Serrin turned to look at the fresh-faced young man. He was handsome, slightly feminine in appearance, with high cheekbones and full lips. He smiled at the elf and looked expectant.

“Verocchio’s angel, actually,” Senmn told him.

“I think that if you head for the north gates and walk out there, and mingle with the crowds, then you should be able to make it very difficult for the three gentlemen in the piazza to shoot you as they intend.” the youth said equably. “Get into a taxi and tell the driver to drive like crazy, I should think.”

Serrin’s jaw dropped.

“Jesuits are very resourceful. I will be seeing you later, I expect,” the young man said with a pleasant smile. The trio were too stunned to grab him as he walked out the east, doors and disappeared with startling rapidity into a knot of tourists enjoying the early-morning sunshine.

“I think we’d better do what he said,” Serrin said, glancing around as calmly as he could manage under the circumstances. Kristen’s nails were digging deep into his arm.

“I couldn’t risk bringing any heat in here,” Streak said, “though I’ve got a little something in my pockets.” He patted his jacket and there was a dull plastic clunk.

“I’ll never be able to cast a spell in here,” Serrin fretted.

“On the way out?”

“We’ll be sitting ducks in the doorway,” Serrin said.

“How about claiming sanctuary?” Streak’s eyes darted this way and that, taking in the scene outside. He couldn’t pick out any potential attackers amid the milling crowds, but finally he caught the man in the suit eating ice cream.

“Ah, got one, I reckon,” he said, “But who the frag was-”

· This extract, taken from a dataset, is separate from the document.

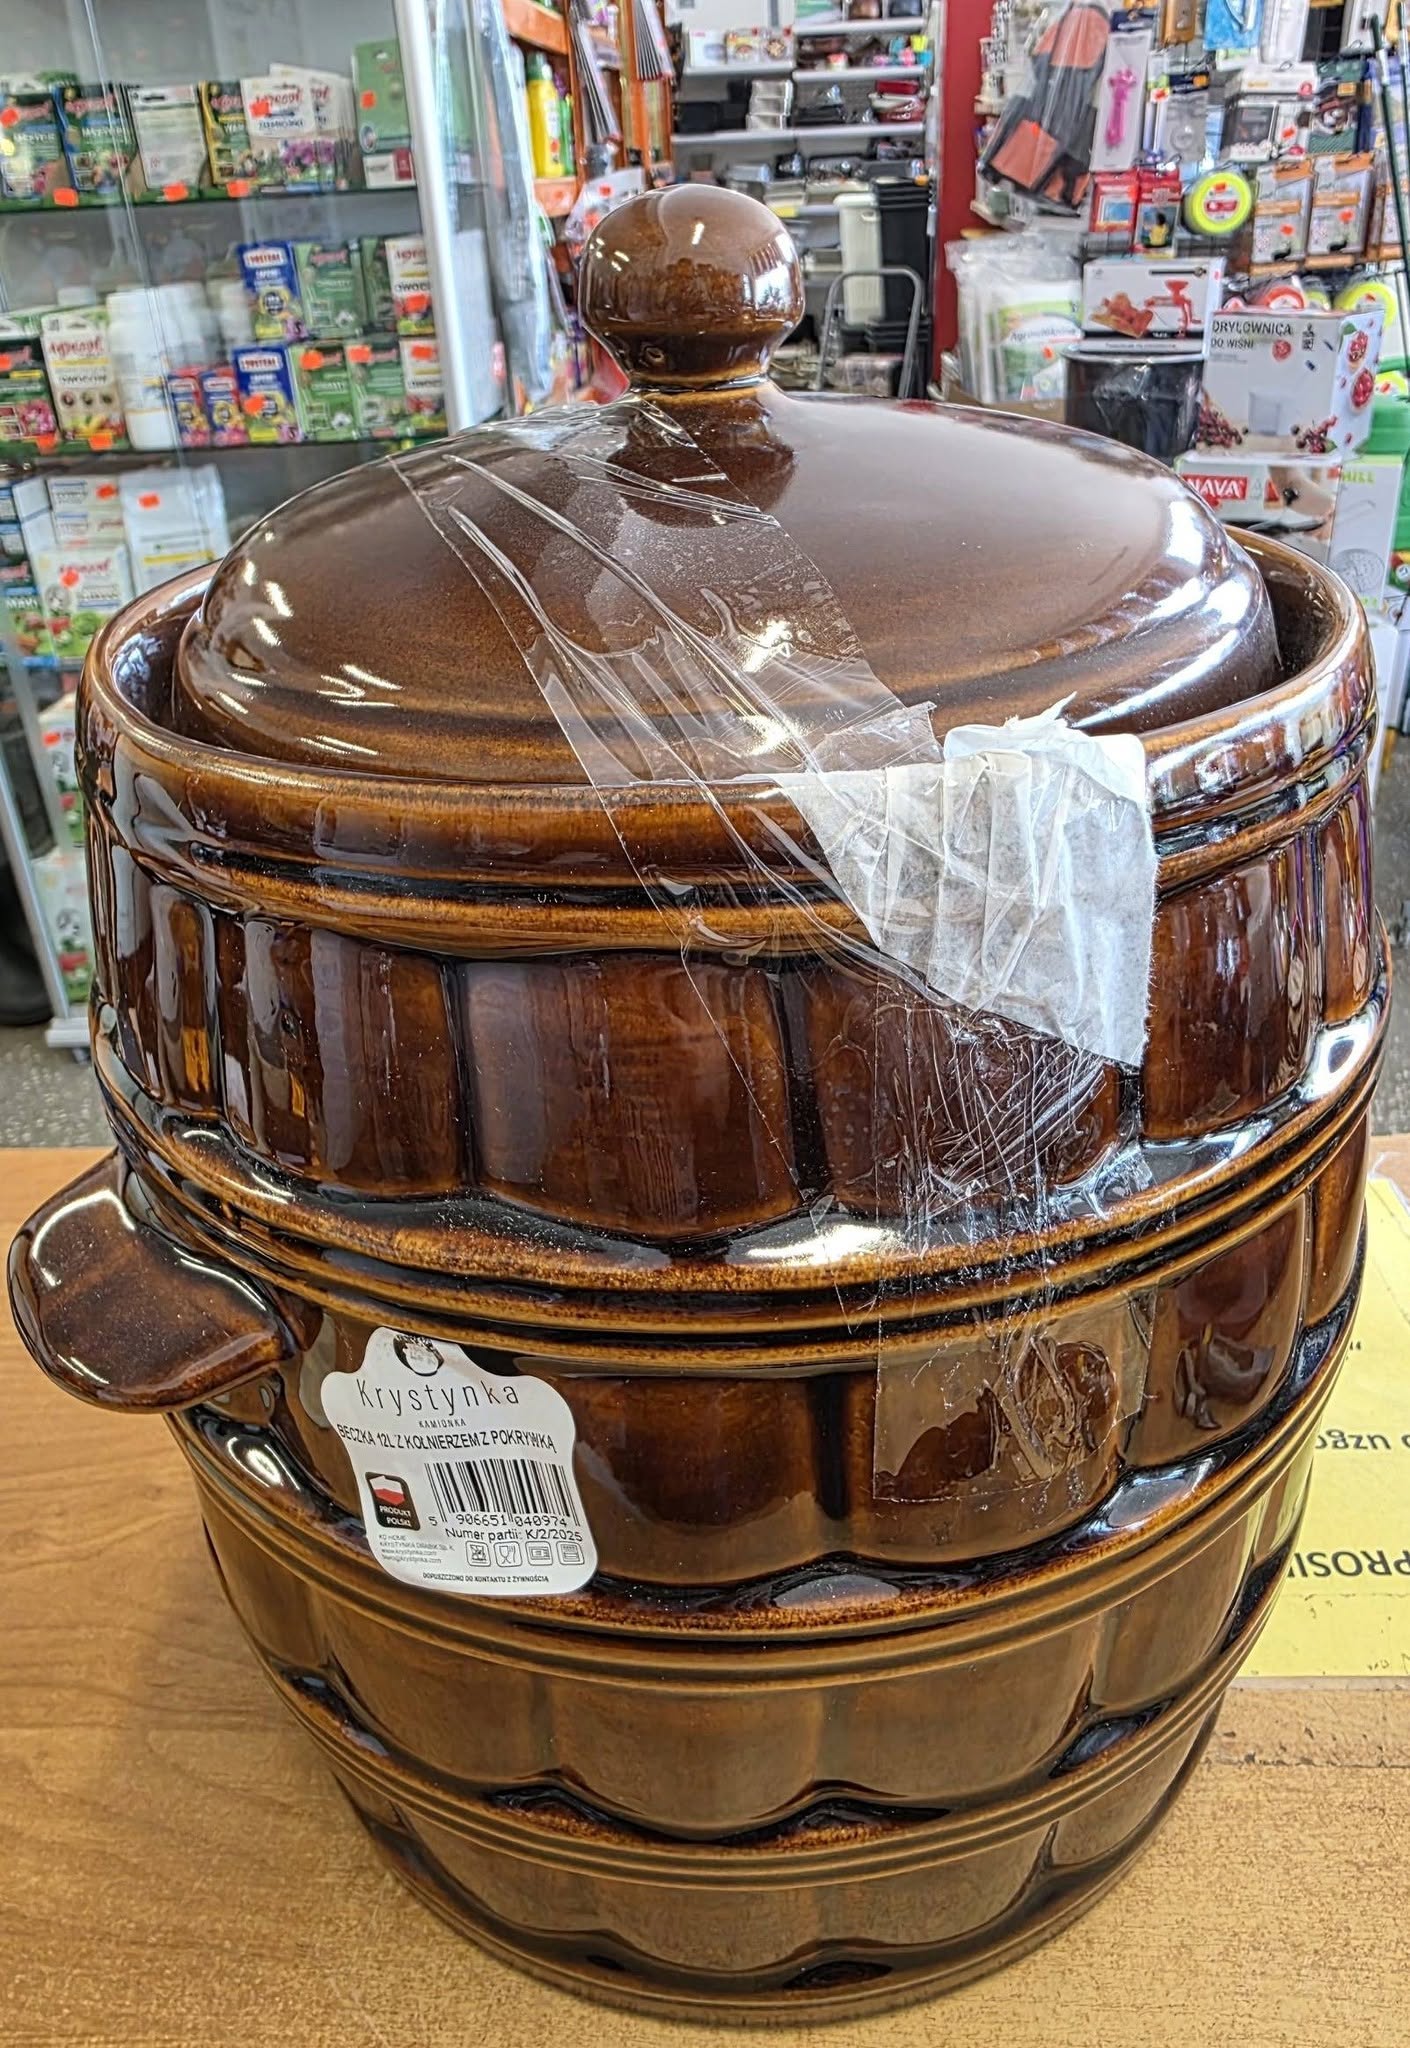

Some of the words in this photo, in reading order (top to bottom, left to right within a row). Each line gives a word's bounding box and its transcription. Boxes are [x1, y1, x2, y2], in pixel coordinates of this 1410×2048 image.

“I have no idea,” Serrin said with a wave of his hand.

“I don’t feel well,” Kristen said.

“This is no time to-” Streak began.

“I said, I don’t feel well,” Kristen insisted, tapping foot irritably on the floor. “Do I have to wink too?”

“Go on, girl. It’s now or never,” Serrin said. Kristen suddenly dropped onto the floor in a very convincing faint. Serrin fell to his knees beside her and Streak finally got the game. He jabbered in passable Italian to a young cleric who’d hurried over to see what was wrong, asking the man to call for an ambulance. It probably wasn’t serious, but it wasn’t the first time and…

The priest hurried away but was soon back, reassuring Streak that an ambulance was on the way and asking if there was anything else he could do. Streak reassured him, and gave him a small sum, asking him to offer a prayer for the afflicted. The young man bobbed his head and went off to light a candle, still keeping a wary eye on the apparently stricken woman. A small knot of people was beginning to gather around them. Streak noted the dark-haired man in the plain gray suit who hovered at the doorway. He guessed that there must be some kind of detection and alarm system at the doorway, and the man did not dare cross the threshold.

The man looked around him, then suddenly reached into his pocket.

Streak reached into his own.

In a split second, a Predator would have been fired into the Baptistery and a molded plastic throwing knife would have cut deep into the gunman’s face.

It didn’t happen.

What Streak saw, and afterward he wasn’t at all clear just how he did see it, was the youth who’d warned them standing well behind, and slightly to the left, of the man in the suit. The youth had a broad grin, and was reaching inside his own powder-blue jacket. lie drew a weapon from inside it with astonishing speed.

It was impossible. Not the speed of it, though that was swifter than Streak had seen even a move-by-wire cyberzombie move. It was the weapon itself that was impossible. It was utterly bizarre, an anachronism. What’s more, it could never have been concealed inside the jacket and, even if it could, them was no way it could have been drawn, aimed, and fired with such precision.

The weapon looked like a huge laminated crossbow, but instead of the usual bridge for bearing the bolt there were perhaps a dozen smooth, very slender metal barrels spread out in an arc of maybe thirty degrees. Faster than was possible, the screw mechanism at the base of the barrels sank down into the weapon and a swirl of bubbles flew from the barrels.

Streak gazed at them like a helpless, paralyzed viewer watching a slo-mo film. The bubbles meandered lazily toward the man in the suit, who was frozen in mid-gesture, the emerging gleam of imminent metal just visible inside his barely open jacket.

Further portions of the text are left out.